‘Se acabó la cultura del todo gratis’, así comenzó su discurso José Blanco, ministro de Fomento, hace una semana en el Congreso y ya comienzan a sonar campanas: se podría imponer el peaje en las autovías. Uno de los temas llevados a debate en el pleno fue precisamente el sistema de financiación de infraestructuras y entre las soluciones barajadas, según publica el diariodesevilla.es, fue la Euroviñeta.

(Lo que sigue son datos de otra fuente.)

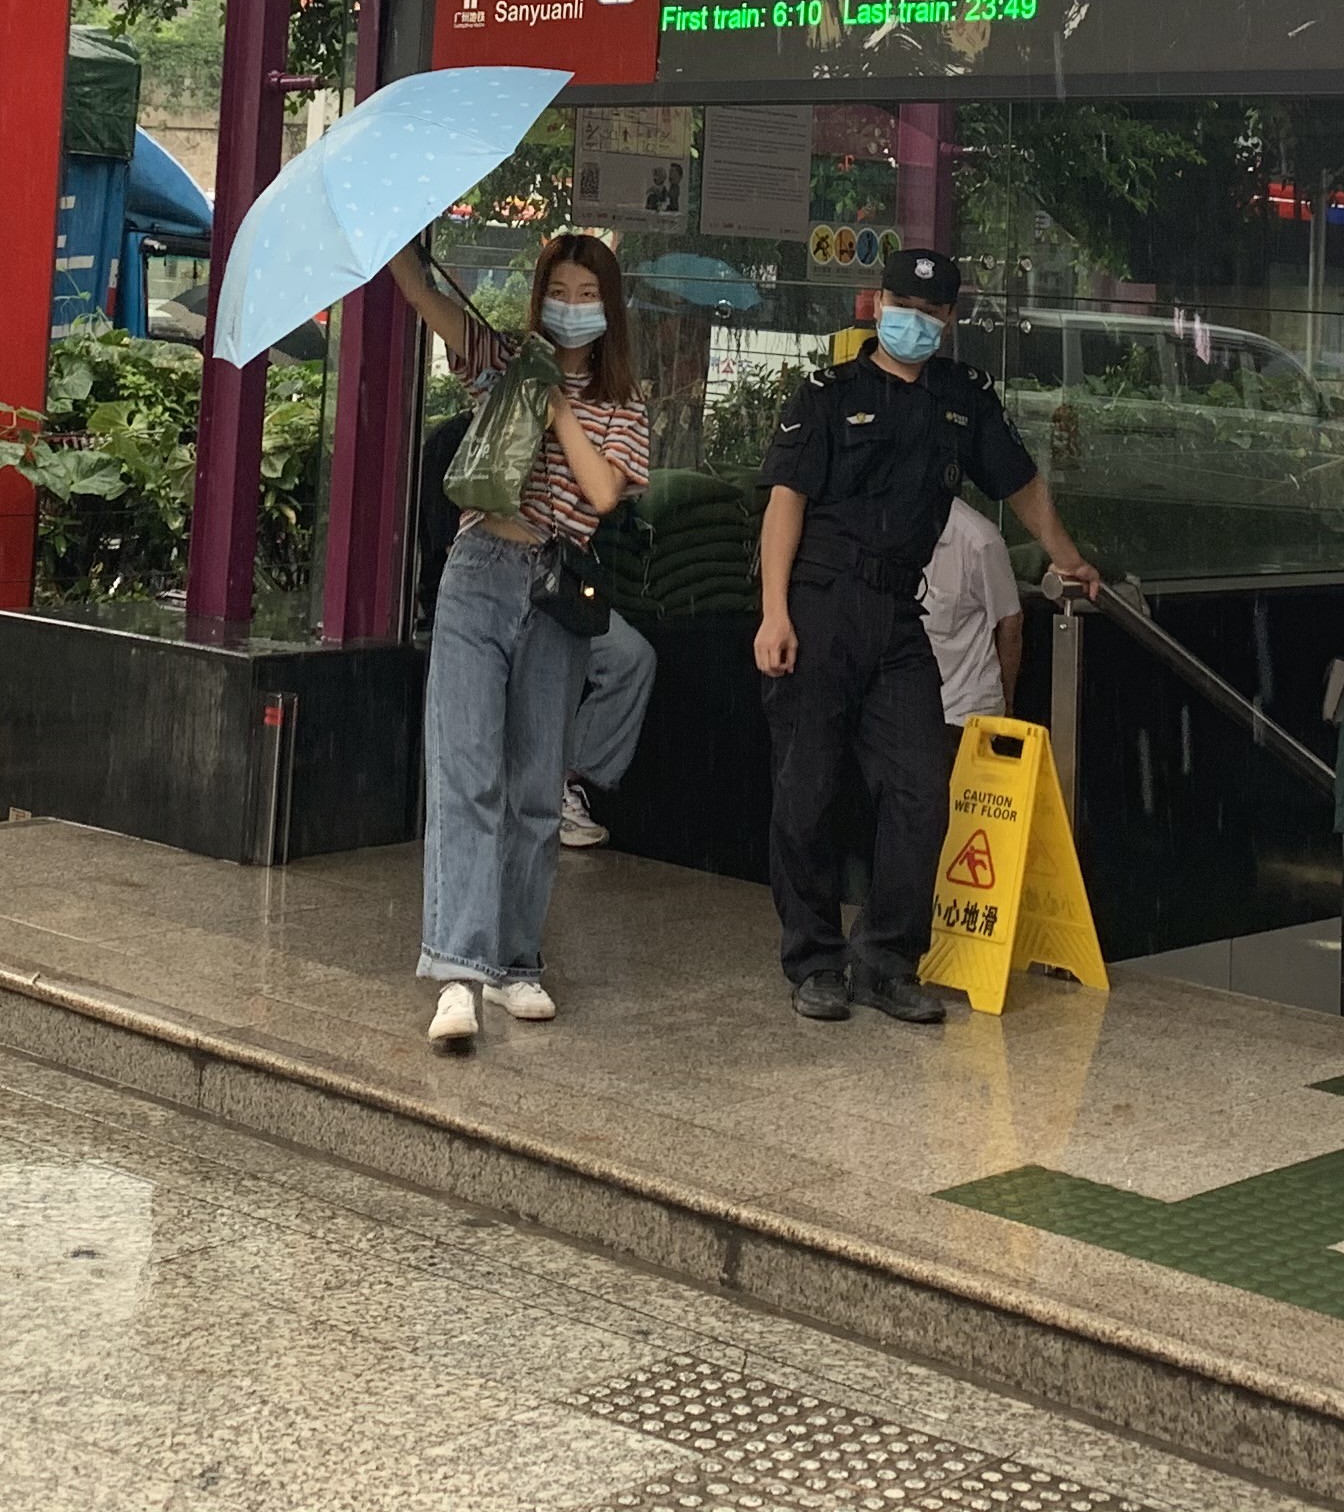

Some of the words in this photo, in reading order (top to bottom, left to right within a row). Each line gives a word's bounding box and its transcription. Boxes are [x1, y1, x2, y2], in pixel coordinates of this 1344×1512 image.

Este sistema de tarificación por uso está recogido en la Constitución europea –reglamento 2006/38- y afecta principalmente a los profesionales del transporte. Se trata de una medida de carácter medioambiental nacida para incentivar el transporte por otros medios más ‘ecológicos’. Dicha tarifa ya existe en países como Holanda, Bélgica, Suecia o Dinamarca y se está estudiando su imposición en Italia, Francia o Portugal. ‘En España tenemos un 25 por ciento de las vías con peaje, mientras que un 75 por ciento son gratis. Este modelo es insostenible a largo plazo, porque en toda Europa es completamente al revés: la tendencia será superar ese 75 por ciento’, las palabras de Blanco no dejan lugar a dudas.
Por ahora, en España son sólo especulaciones, pero nuestra vecina Portugal iba a poner en marcha el sistema este mismo verano, aunque las protestas de usuarios y transportistas, principalmente estos últimos, han echado para atrás la nueva medida en el último momento. Al igual que en tierras lusas, la tarificación de autovías se haría mediante un sistema telemático y de reconocimiento de matrículas (idéntico al ya utilizado con los radares). Las preguntas son varias, por ejemplo: ¿sería en todos lo tramos por igual o sólo en algunos? ¿la tarificación se haría por horas?
La crisis sigue siendo la eterna causa que el Ejecutivo utiliza para rascar el bolsillo del contribuyente. ‘El dinero recaudado se invertiría en la remodelación de carreteras a fin de mejorar la seguridad’. Pero justo sería la seguridad la que estaría comprometida, como bien expone Mario Arnaldo, presidente de Automovilistas Europeos Asociados (AEA). Privatizar el uso de las autovías traería como consecuencia un aumento de uso de las carreteras nacionales, lo que se traduciría en mayores atascos y un significativo crecimiento de la siniestralidad. ‘Si el Estado financia la construcción de autovías y después las privatiza, ¿para qué sirve el Estado? Es como volver a la Edad Media con su sistema de portazgos’.